Thursday, May 5, 2016

Module 13: Sisters


Module 13: Graphic Novels and Series Books

Book Summary

Sisters was written by Raina Telgemeier and it is a biographical graphic novel about the time of the author’s life when she was a teen, with flashbacks to when she was younger. The main storyline revolves around a road trip the family takes from their home in San Francisco to a family reunion in Colorado. In one of the flashbacks, Raina couldn’t wait to be a big sister but once Amara was born, things don’t work out the way Raina thought they would. Amara is grouchy and prefers to be alone. The sisters’ relationship doesn't improve over the years, and then a baby brother enters the picture. Later, their parents seem to not be getting along. The sisters work on their own relationship with each other.

APA Reference of Book

Telgemeier, R. (2014). Sisters. New York, NY: Graphix

Impressions

I was pleasantly surprised! This book was so engaging and fun to read. Graphic novels are able to achieve through the illustrations the subtleties of things like feelings that can be hard to describe in words. This book made me think about adolescence, family trips, and my relationships with my siblings.

Professional Review

Two sisters who are constantly at odds take a family road trip that covers more ground—both literally and figuratively—than they expect.
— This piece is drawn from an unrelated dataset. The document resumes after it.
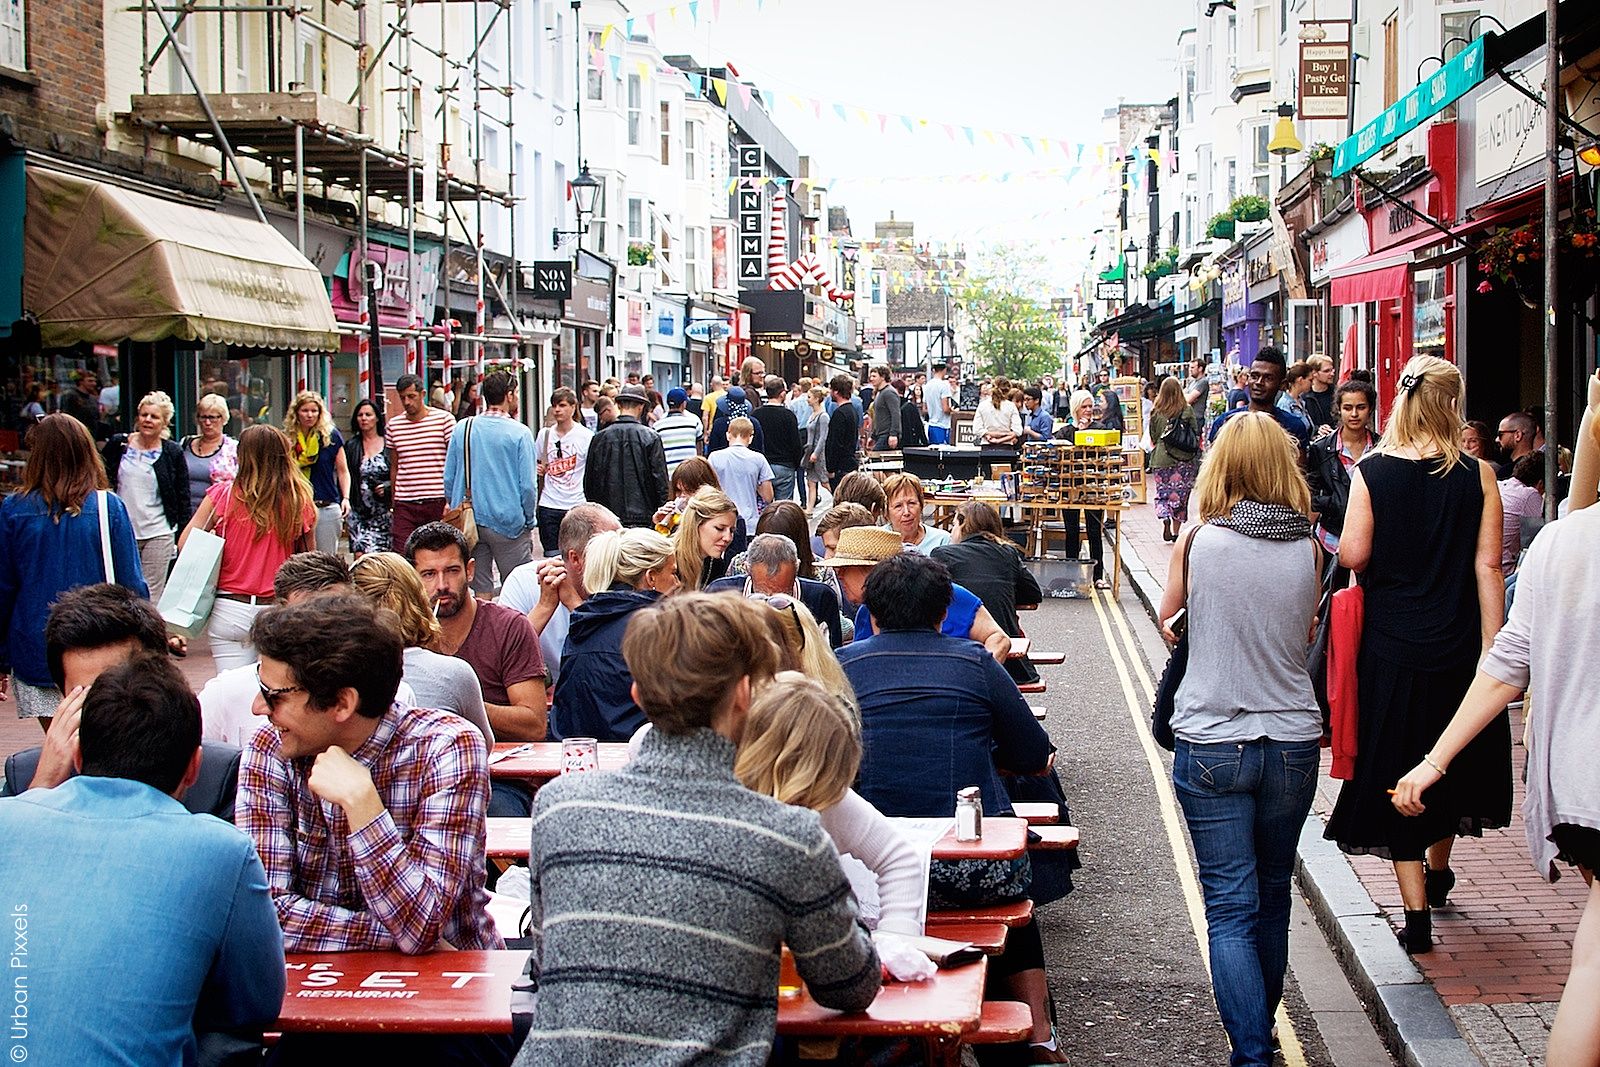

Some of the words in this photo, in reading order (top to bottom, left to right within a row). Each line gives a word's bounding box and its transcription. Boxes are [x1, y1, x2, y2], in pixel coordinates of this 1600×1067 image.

After begging her parents for a sister, Raina gets more than she bargained for once Amara is born. From the moment she was brought home, Amara hasn't been quite the cuddly playmate that Raina had hoped. As the years pass, the girls bicker constantly and apparently couldn't be more unalike: Raina spends her time indoors underneath her headphones, and Amara loves animals and the outdoors. The girls, their mother and their little brother all pack up to drive to a family reunion, and it seems like the trip's just going to be more of the same, with the girls incessantly picking on each other all the way from San Francisco to Colorado. However, when the trip doesn't go quite as planned—for a number of reasons—the girls manage to find some common ground. Told in then-and-now narratives that are easily discernable in the graphic format, Telgemeier's tale is laugh-out-loud funny (especially the story about the snake incident) and quietly serious all at once. Her rounded, buoyant art coupled with a masterful capacity for facial expressions complements the writing perfectly. Fans of her previous books Smile (2010) and Drama (2012) shouldn't miss this one; it's a winner. A wonderfully charming tale of family and sisters that anyone can bond with. 2014, Graphix/Scholastic, 208 pp., $24.99. Category: Graphic memoir. Ages 7 to 13. Starred Review. © 2014 Kirkus Reviews/VNU eMedia, Inc. All rights reserved. 
(PUBLISHER: Graphix (New York:), PUBLISHED: [2014]) 

Reference

[Review of the book Sisters by R. Telgemeier]. (2014, June 1). Kirk’s Reviews, 82(11).

Library Uses


  1. Sisters takes place during different timelines, one focusing on the family road trip between San Francisco and Colorado. The others are a series of flashbacks to different times in Raina’s past. Why do you think the author decided to tell her story this way? How can you tell, from either the words or the pictures, which time period it is?
  2. Which moments make Raina regret wishing for a sister? Which moments convince her having a sister is worth the aggravation?
  3. Look at the full-page illustrations that appear between some sections throughout the book. What do these images tell you that you don’t learn elsewhere in the book? Why do you think the author chose to highlight these objects?
  4. Consider how Raina feels about Amara at the beginning of the road trip and how she feels at the end. Do you think the road trip changed their attitudes? Identify three turning points in their relationship.
  5. In comics, words and sounds are drawn or colored to signal how they sound. What do the styles of the word balloons, colors, and lettering tell you? Look at pages 108-109 for examples. What makes something a scream? A thought? A song? How do these add to the story?
  6. Raina escapes her family’s crowded apartment and the confines of the van by listening to her Walkman. How does music help her relationships with her family? How does it hurt those relationships?
  7. Consider Raina and Amara. What are three things that you see as appealing about Raina as a person? About Amara? What do you think they would list as three good (or bad) things about each other at the beginning of the story? What about at the end?
  8. Sisters is a companion book to Raina Telgemeier’s memoir Smile, a story about Raina’s front teeth getting severely injured. How do the stories in Sisters fit together with those in Smile? How does reading both books give you a more complex picture of Raina and her family?
  9. Compare Raina’s immediate family, including her mom, dad, brother, and sister, to her aunts, uncles, and cousins Josh, Jeremy, and Lindsay. How do Raina’s expectations for hanging out with her cousins compare to the reality? What does she learn about family, both good and bad?
  10. Consider the fight that Raina and Amara have on pages 136 through 139. When Amara says, “You’re not being nice. You’re just feeling sorry for yourself,” what do you think she’s trying to tell Raina? What does Raina learn from that accusation?